An exact copy of every record, without the pictures, is what should come back.
━━ Supplied material
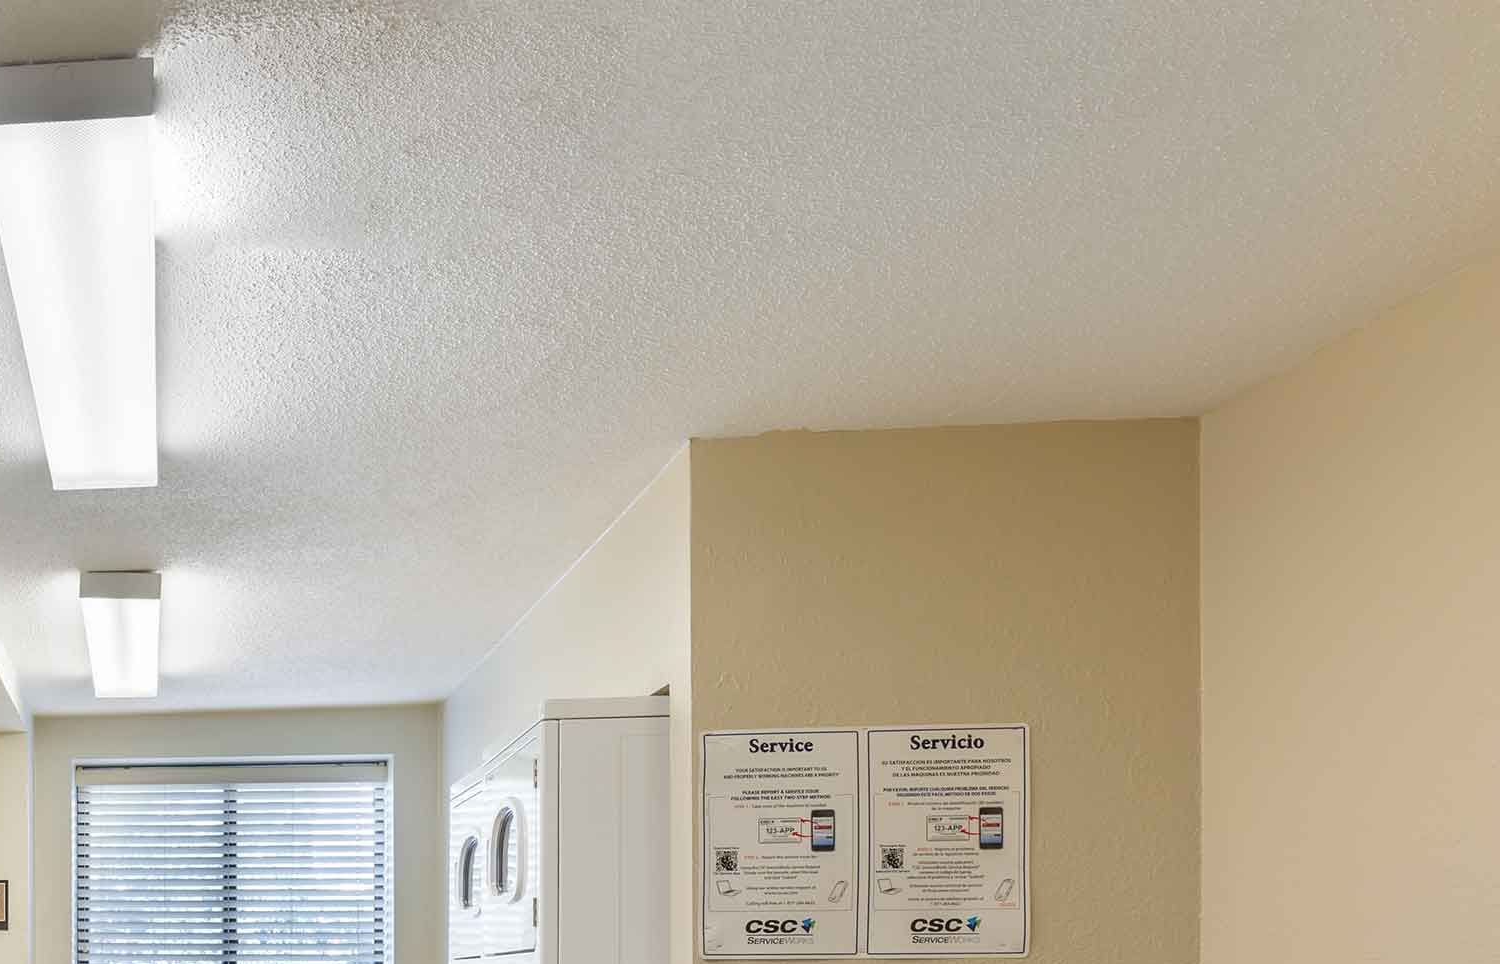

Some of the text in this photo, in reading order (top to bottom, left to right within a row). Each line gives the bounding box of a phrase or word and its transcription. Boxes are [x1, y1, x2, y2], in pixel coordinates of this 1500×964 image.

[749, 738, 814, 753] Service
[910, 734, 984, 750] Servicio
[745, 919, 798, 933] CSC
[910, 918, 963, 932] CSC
━━━━
#### Output of the task:
Some of the text in this photo, in reading order (top to bottom, left to right within a row). Each line gives the bounding box of a phrase or word and its transcription. Boxes are [x1, y1, x2, y2], in pixel coordinates of this 1500×964 image.

[749, 738, 814, 753] Service
[910, 734, 984, 750] Servicio
[745, 919, 798, 933] CSC
[910, 918, 963, 932] CSC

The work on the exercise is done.